9. Marketing and the Apple Watch. iPad hasn’t been getting the marketing spend it got in its first years for a variety of reasons. Last year Apple had the big iPhones to explain to the public. Before that it was iOS 7’s new look and feel. This year it seems Apple is focusing its attention and every extra marketing dollar on the Apple Watch.
But Apple Watch isn’t just hurting the iPad from a marketing standpoint. Those of us who have a yearly Apple discretionary fund of $500 or so bucks aren’t likely going to put it towards the iPad this year. And Apple announced the Watch right before the holiday shopping season. Sure, that was mostly to dissuade people from buying other watches, but some folks also probably held off on Apple purchases.
On a higher level, it also makes me wonder if Apple’s got a new paradigm. Instead of iPhone|iPad|Mac, is Apple now promoting: Watch+CarPlay+Apple TV+Accessories|iPhone|Mac in its “3 screens” paradigm? Where does iPad fit?
10. Perhaps this is unintuitive, but Apple’s incredible build quality coupled with genuine efforts to update old iPads to the latest version of iOS has made the decision to purchase a new iPad a difficult one. My old iPads still look, feel and work great. My son can still use our original iPad and a lot of the apps he likes. I bought an iPad Air last year, and it is hard to justify the purchase of a new one (even though retailers are discounting the heck out of them). My wife uses an iPad 3, and for what she does on it, there is no reason to update.

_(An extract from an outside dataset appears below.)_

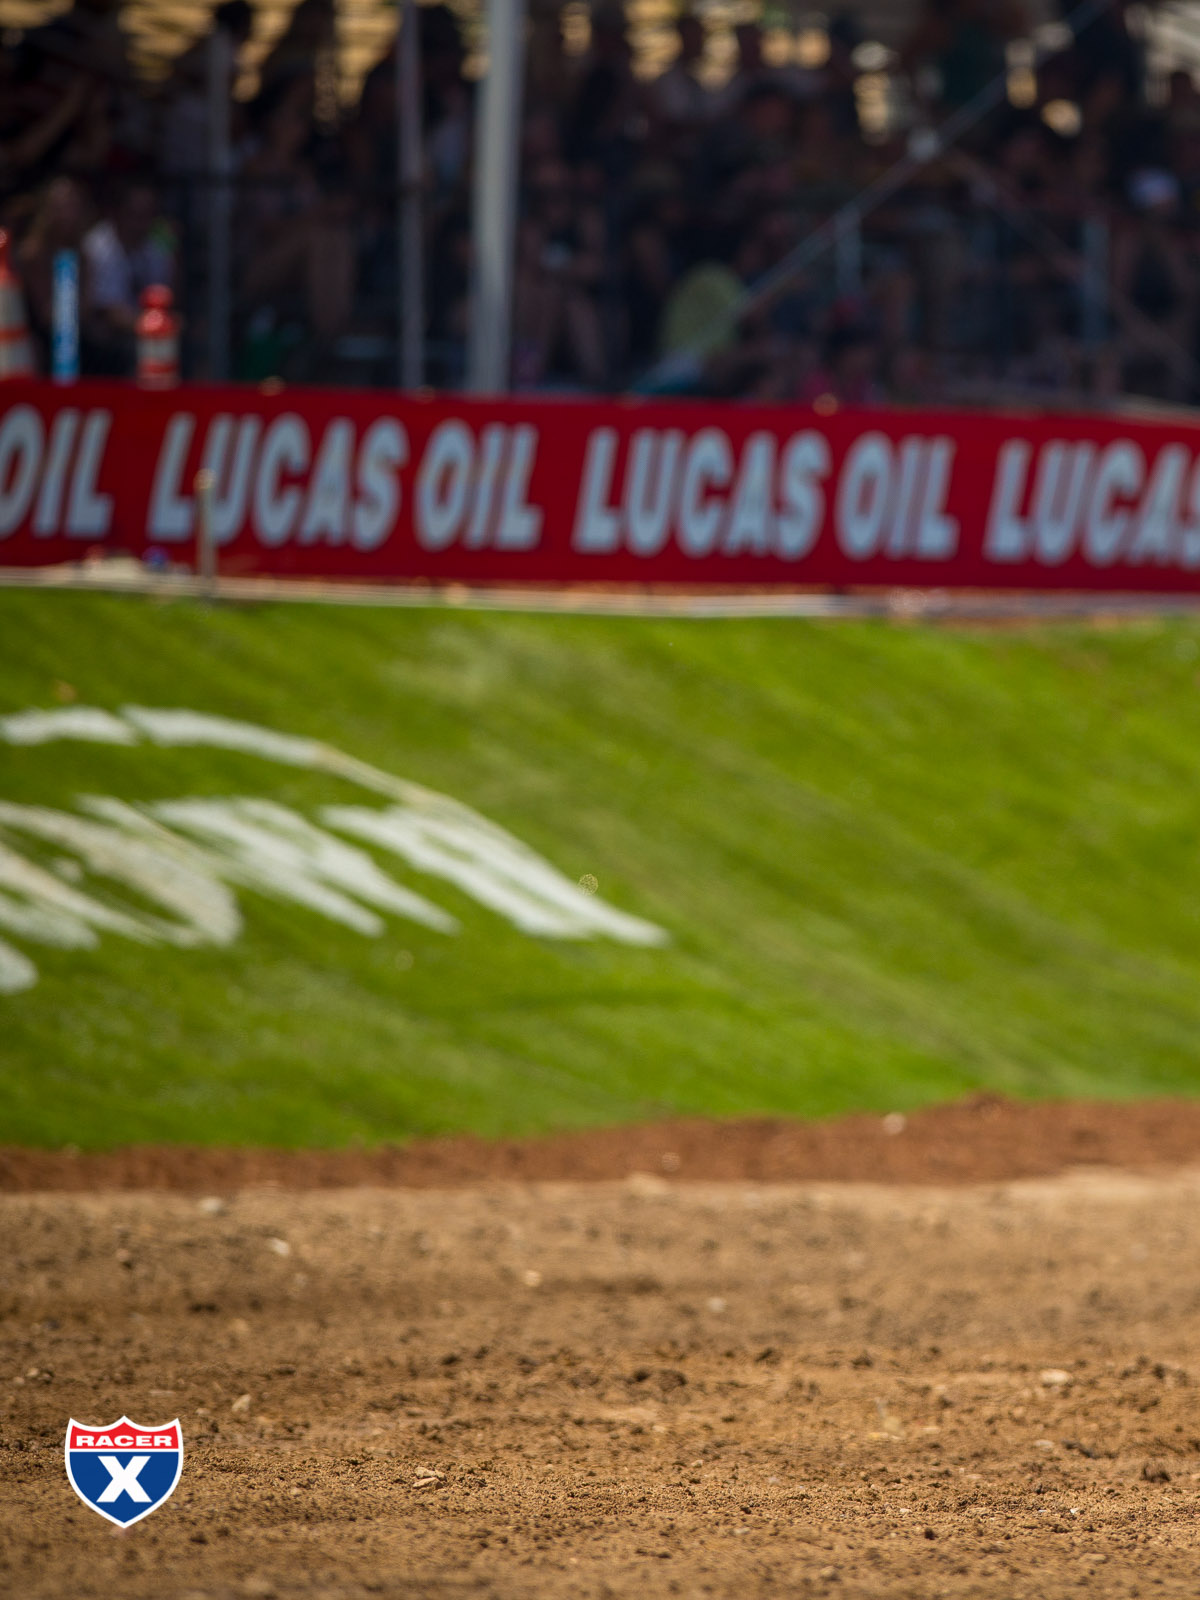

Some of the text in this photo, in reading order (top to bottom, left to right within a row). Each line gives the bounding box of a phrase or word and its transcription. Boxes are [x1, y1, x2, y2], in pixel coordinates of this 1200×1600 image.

The good news here is that much of the iPad’s sales decline can be fixed by Apple, because it’s responsible for most of the issues above. An iPad Pro, price drops, a better iPad iOS version with split-screen support, and better integration with keyboards are all ways Apple could stop the decline in iPad sales and get the platform growing again. More and more engaging marketing wouldn’t hurt, either.
Perhaps Apple can fit iPad in between the Apple Watch launch and the launch of the new Apple TV?